**How to complete this task:**
Would you restate all the data that follows, word for word?

**Saved data entries:**
....
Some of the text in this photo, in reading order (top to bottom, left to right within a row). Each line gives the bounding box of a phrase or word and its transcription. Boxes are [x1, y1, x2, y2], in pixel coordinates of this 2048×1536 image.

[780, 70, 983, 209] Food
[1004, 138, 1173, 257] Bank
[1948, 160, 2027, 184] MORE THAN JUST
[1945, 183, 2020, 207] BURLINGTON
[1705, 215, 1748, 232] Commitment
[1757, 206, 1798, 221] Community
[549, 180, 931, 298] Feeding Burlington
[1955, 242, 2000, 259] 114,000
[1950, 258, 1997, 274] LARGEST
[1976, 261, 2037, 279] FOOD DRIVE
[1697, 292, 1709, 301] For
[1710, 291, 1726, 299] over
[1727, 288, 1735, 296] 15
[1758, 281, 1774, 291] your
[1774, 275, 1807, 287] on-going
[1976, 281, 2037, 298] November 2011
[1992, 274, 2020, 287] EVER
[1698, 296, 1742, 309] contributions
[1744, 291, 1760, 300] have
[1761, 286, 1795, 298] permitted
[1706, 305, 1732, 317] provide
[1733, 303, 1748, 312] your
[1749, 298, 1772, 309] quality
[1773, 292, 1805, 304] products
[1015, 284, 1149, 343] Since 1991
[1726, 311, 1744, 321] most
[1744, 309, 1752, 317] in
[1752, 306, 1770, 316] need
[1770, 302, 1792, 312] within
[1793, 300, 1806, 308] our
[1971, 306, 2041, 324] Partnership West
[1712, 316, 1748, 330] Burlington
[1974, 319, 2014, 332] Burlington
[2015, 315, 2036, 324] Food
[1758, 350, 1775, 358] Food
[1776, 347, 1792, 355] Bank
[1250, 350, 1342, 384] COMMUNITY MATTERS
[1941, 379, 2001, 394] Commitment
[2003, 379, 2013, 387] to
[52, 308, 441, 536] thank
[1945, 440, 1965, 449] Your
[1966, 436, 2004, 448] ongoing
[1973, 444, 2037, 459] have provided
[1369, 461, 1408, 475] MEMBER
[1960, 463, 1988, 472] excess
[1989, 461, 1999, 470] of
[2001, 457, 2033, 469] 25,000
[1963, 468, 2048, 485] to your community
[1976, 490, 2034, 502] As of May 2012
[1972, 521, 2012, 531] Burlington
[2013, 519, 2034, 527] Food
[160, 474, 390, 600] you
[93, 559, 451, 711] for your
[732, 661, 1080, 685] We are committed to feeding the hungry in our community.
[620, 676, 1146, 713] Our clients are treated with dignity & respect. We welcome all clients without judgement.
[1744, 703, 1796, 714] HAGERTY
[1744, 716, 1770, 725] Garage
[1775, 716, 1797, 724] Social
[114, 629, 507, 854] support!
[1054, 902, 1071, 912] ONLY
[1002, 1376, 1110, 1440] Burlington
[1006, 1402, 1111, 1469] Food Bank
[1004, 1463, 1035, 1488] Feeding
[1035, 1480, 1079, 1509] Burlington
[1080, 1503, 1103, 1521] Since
....
**Solved exercise:**
Some of the text in this photo, in reading order (top to bottom, left to right within a row). Each line gives the bounding box of a phrase or word and its transcription. Boxes are [x1, y1, x2, y2], in pixel coordinates of this 2048×1536 image.

[780, 70, 983, 209] Food
[1004, 138, 1173, 257] Bank
[1948, 160, 2027, 184] MORE THAN JUST
[1945, 183, 2020, 207] BURLINGTON
[1705, 215, 1748, 232] Commitment
[1757, 206, 1798, 221] Community
[549, 180, 931, 298] Feeding Burlington
[1955, 242, 2000, 259] 114,000
[1950, 258, 1997, 274] LARGEST
[1976, 261, 2037, 279] FOOD DRIVE
[1697, 292, 1709, 301] For
[1710, 291, 1726, 299] over
[1727, 288, 1735, 296] 15
[1758, 281, 1774, 291] your
[1774, 275, 1807, 287] on-going
[1976, 281, 2037, 298] November 2011
[1992, 274, 2020, 287] EVER
[1698, 296, 1742, 309] contributions
[1744, 291, 1760, 300] have
[1761, 286, 1795, 298] permitted
[1706, 305, 1732, 317] provide
[1733, 303, 1748, 312] your
[1749, 298, 1772, 309] quality
[1773, 292, 1805, 304] products
[1015, 284, 1149, 343] Since 1991
[1726, 311, 1744, 321] most
[1744, 309, 1752, 317] in
[1752, 306, 1770, 316] need
[1770, 302, 1792, 312] within
[1793, 300, 1806, 308] our
[1971, 306, 2041, 324] Partnership West
[1712, 316, 1748, 330] Burlington
[1974, 319, 2014, 332] Burlington
[2015, 315, 2036, 324] Food
[1758, 350, 1775, 358] Food
[1776, 347, 1792, 355] Bank
[1250, 350, 1342, 384] COMMUNITY MATTERS
[1941, 379, 2001, 394] Commitment
[2003, 379, 2013, 387] to
[52, 308, 441, 536] thank
[1945, 440, 1965, 449] Your
[1966, 436, 2004, 448] ongoing
[1973, 444, 2037, 459] have provided
[1369, 461, 1408, 475] MEMBER
[1960, 463, 1988, 472] excess
[1989, 461, 1999, 470] of
[2001, 457, 2033, 469] 25,000
[1963, 468, 2048, 485] to your community
[1976, 490, 2034, 502] As of May 2012
[1972, 521, 2012, 531] Burlington
[2013, 519, 2034, 527] Food
[160, 474, 390, 600] you
[93, 559, 451, 711] for your
[732, 661, 1080, 685] We are committed to feeding the hungry in our community.
[620, 676, 1146, 713] Our clients are treated with dignity & respect. We welcome all clients without judgement.
[1744, 703, 1796, 714] HAGERTY
[1744, 716, 1770, 725] Garage
[1775, 716, 1797, 724] Social
[114, 629, 507, 854] support!
[1054, 902, 1071, 912] ONLY
[1002, 1376, 1110, 1440] Burlington
[1006, 1402, 1111, 1469] Food Bank
[1004, 1463, 1035, 1488] Feeding
[1035, 1480, 1079, 1509] Burlington
[1080, 1503, 1103, 1521] Since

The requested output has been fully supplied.